Guessing the median • Unfortunately, it can’t. Second best solution: guess the median and partition around the guess, hoping for the best. • Major point: Since we can’t be sure our guess will be correct, we don’t know where the “middle” will end up. Therefore, partition1 needs to return an integer giving the location of the dividing line between small and large values.
Quicksort again • Without the ability to divide the array exactly in half, need to change structure of quicksort somewhat: void quickSort (double[] A, int i, int j) { int m; if (i < j) { m = partition(A, i, j); quickSort(A, i, m-1); quickSort(A, m+1, j); } }
Quicksort again (cont.) • Difference is that partition has to tell quicksort where it ended up splitting the array: int partition (double[] A, int i, int j) { // Guess median of A[i] ... A[j], // and move other elements so that // A[i] ... A[m-1] are all less than A[m] and // A[m+1] ... A[j] are all greater than A[m] // m is returned to the caller swap(A, i, guessMedianLocation(A, i, j)); int m = partition1(A, i+1, j, A[i]); swap(A, i, m); return m; }
partition1 • partition1 must return the “middle”. int partition1 (double[] A, int i, int j, double pivot) { // Shuffle elements of A[i..j] so that elements // < pivot appear to the left of elements > pivot if (base case) ... if (A[i] <= pivot) // A[i] in correct half return partition1(A, i+1, j, pivot); else if (A[j] > pivot) // A[j] in correct half return partition1(A, i, j-1, pivot); else { // A[i] and A[j] in wrong half swap(A, i, j); return partition1(A, i, j-1, pivot); } }
partition1 (cont.) • Need to handle base cases.

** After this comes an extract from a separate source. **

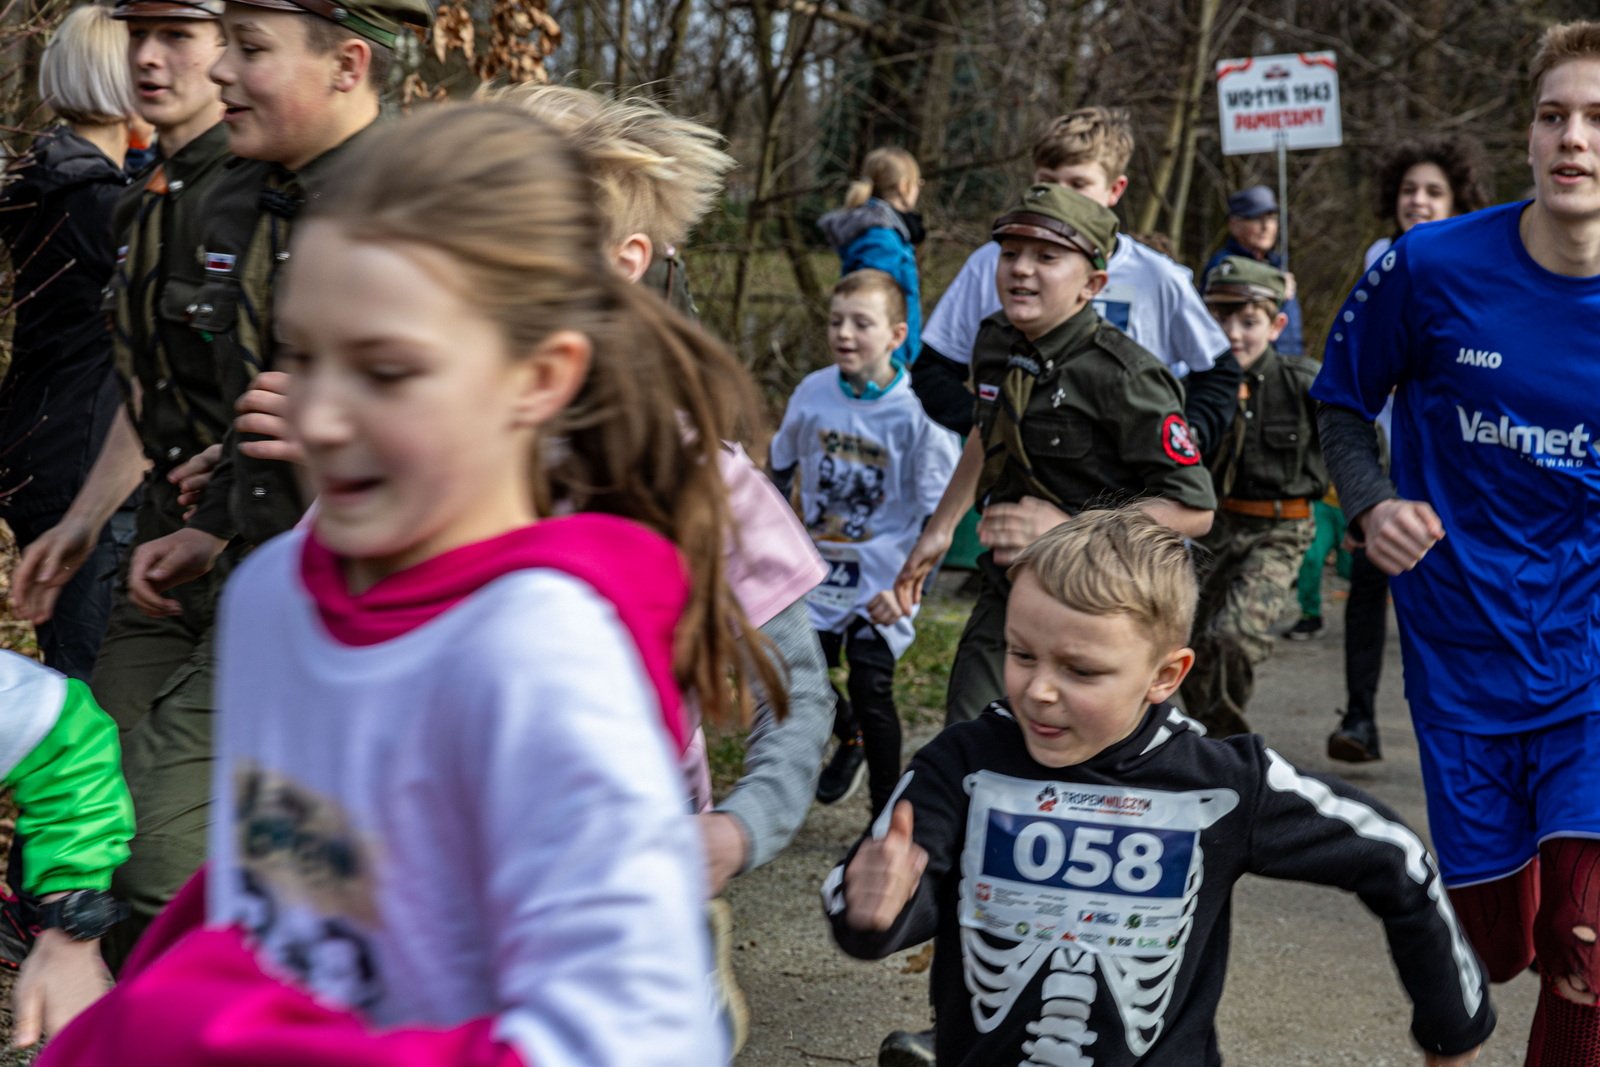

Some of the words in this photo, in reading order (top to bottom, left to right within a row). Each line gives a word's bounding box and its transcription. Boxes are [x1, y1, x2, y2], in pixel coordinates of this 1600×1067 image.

[1294, 82, 1331, 103] 1943
[1456, 347, 1503, 369] JAKO
[1456, 404, 1590, 458] Valmet
[1012, 821, 1165, 893] 058

However, there is one key point to remember here: the index returned by partition1 must contain a value less than the pivot, because it will be swapped back into A[i]. Base case needs to guarantee this: // Base case for partition1: if (j == i) if (A[i] < pivot) return i; else return i-1;
Guessing the median • Making a good guess concerning the median is very important. • Here is a simple approach: int guessMedianLocation (double[] A, int i, int j) { return (i+j)/2; }
Final words on quicksort • Quicksort runs in time n log n, but only if the partitions are (roughly) in half. • Worst case performance for quicksort is quadratic, but it is difficult to find examples where it is inefficient.